• _Instructions for the task_
The lines to retype are the one with "this 1288×966 image." and all that follow it to the end of the entries below; copy them exactly and nothing else.

• _Records for this exercise_
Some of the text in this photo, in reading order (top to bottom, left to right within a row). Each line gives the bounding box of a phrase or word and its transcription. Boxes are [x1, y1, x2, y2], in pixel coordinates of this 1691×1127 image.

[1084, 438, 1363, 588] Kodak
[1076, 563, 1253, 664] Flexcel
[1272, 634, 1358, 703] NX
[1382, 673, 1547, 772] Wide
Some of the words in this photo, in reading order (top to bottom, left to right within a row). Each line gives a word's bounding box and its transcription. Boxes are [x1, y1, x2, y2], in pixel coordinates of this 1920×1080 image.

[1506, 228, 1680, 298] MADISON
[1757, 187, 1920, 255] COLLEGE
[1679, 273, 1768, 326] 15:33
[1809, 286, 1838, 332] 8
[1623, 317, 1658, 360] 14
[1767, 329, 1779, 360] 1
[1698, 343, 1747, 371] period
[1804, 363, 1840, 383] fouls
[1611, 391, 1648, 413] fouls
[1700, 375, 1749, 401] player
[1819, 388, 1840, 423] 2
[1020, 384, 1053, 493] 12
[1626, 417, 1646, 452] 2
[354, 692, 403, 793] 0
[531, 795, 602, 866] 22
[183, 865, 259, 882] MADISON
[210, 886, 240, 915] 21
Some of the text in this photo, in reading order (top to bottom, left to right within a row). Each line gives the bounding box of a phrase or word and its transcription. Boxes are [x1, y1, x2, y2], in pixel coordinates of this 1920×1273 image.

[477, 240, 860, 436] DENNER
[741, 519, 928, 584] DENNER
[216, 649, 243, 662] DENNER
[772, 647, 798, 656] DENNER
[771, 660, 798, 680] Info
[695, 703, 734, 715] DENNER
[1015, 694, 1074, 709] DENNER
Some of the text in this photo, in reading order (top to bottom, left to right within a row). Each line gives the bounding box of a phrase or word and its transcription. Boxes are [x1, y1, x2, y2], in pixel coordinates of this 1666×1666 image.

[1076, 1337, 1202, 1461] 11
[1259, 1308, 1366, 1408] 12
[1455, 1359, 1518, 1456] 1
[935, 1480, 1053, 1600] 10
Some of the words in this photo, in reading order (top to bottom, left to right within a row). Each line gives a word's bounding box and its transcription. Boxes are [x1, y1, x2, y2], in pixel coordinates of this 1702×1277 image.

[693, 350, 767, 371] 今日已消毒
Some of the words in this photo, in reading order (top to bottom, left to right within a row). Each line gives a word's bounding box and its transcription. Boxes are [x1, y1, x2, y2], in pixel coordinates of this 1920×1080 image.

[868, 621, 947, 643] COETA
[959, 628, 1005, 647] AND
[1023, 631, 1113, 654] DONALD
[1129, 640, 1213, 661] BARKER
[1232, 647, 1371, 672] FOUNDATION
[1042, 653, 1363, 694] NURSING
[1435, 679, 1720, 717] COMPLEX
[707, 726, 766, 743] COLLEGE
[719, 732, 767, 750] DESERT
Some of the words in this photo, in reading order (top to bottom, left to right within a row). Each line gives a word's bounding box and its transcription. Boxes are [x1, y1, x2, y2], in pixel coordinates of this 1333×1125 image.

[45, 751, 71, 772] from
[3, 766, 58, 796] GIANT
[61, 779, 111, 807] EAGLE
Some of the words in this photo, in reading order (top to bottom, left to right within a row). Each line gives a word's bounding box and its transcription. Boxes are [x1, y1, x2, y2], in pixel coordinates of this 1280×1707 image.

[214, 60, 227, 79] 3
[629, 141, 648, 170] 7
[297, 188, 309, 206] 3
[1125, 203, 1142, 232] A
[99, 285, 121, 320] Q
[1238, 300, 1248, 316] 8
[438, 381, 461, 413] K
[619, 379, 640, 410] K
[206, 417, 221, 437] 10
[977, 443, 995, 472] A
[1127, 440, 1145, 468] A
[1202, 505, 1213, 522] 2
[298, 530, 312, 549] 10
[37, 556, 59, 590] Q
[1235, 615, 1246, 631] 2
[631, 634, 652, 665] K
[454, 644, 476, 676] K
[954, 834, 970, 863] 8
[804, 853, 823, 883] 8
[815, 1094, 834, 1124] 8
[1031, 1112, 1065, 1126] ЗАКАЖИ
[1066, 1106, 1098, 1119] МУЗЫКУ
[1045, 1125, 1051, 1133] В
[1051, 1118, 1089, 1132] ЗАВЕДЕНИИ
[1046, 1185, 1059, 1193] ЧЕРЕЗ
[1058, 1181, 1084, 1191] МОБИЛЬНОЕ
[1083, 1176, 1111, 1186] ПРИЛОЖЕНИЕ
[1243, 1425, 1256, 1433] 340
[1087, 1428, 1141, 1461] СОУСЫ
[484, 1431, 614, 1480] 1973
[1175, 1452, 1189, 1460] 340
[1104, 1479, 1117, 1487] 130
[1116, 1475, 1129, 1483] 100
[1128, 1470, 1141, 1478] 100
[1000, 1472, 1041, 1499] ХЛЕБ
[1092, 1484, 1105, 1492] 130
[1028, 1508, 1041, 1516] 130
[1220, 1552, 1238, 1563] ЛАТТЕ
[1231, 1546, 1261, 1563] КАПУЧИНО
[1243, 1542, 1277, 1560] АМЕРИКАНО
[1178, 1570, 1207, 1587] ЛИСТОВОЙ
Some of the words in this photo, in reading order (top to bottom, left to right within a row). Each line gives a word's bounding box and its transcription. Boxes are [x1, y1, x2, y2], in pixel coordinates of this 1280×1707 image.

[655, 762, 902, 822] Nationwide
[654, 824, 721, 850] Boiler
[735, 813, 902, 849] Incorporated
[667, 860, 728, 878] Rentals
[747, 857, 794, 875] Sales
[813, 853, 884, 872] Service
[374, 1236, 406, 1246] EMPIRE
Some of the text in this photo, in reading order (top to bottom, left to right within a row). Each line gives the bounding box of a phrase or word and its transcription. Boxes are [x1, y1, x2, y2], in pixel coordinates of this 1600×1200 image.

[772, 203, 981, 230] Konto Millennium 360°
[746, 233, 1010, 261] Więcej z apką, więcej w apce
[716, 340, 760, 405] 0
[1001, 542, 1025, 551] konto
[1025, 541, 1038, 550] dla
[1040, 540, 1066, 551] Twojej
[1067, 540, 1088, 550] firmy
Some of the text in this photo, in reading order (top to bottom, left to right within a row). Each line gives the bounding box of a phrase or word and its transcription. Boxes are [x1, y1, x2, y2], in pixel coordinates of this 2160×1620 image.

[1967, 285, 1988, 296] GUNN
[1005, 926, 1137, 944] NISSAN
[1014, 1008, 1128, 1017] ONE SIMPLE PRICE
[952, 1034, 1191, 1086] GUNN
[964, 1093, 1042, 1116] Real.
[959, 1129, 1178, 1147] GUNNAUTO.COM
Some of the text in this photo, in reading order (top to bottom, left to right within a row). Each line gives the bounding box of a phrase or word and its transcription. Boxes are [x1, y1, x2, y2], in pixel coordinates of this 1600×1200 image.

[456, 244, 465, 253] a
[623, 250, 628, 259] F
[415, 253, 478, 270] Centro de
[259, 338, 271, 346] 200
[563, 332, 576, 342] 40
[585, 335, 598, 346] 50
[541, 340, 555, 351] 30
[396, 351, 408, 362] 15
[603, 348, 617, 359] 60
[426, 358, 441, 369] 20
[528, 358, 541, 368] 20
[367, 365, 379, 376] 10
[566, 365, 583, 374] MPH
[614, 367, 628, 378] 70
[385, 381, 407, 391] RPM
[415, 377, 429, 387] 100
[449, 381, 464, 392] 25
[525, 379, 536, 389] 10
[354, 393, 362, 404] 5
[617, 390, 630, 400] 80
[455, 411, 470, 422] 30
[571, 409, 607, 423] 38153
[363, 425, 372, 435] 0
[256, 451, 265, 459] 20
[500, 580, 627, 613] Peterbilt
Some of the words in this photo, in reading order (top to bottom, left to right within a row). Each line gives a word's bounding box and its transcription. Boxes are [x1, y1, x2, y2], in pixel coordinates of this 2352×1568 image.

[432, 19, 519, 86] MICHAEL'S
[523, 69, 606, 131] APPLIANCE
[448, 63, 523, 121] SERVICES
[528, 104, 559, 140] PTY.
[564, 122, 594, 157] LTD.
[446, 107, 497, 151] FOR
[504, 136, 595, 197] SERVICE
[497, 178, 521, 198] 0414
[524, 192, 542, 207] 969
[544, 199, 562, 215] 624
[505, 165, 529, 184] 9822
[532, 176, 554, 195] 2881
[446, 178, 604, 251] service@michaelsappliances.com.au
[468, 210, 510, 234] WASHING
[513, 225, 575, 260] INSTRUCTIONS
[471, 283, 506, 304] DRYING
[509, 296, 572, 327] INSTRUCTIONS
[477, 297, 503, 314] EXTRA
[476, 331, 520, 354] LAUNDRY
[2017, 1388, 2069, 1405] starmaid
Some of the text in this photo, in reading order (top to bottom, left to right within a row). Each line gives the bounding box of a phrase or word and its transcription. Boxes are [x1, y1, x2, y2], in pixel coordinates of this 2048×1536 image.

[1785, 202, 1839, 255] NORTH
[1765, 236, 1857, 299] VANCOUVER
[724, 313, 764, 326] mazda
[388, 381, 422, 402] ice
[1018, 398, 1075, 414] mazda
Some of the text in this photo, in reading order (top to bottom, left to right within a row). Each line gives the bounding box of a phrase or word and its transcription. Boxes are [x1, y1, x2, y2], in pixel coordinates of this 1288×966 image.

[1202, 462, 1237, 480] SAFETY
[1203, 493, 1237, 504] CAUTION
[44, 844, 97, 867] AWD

• _Task answer_
Some of the text in this photo, in reading order (top to bottom, left to right within a row). Each line gives the bounding box of a phrase or word and its transcription. Boxes are [x1, y1, x2, y2], in pixel coordinates of this 1288×966 image.

[1202, 462, 1237, 480] SAFETY
[1203, 493, 1237, 504] CAUTION
[44, 844, 97, 867] AWD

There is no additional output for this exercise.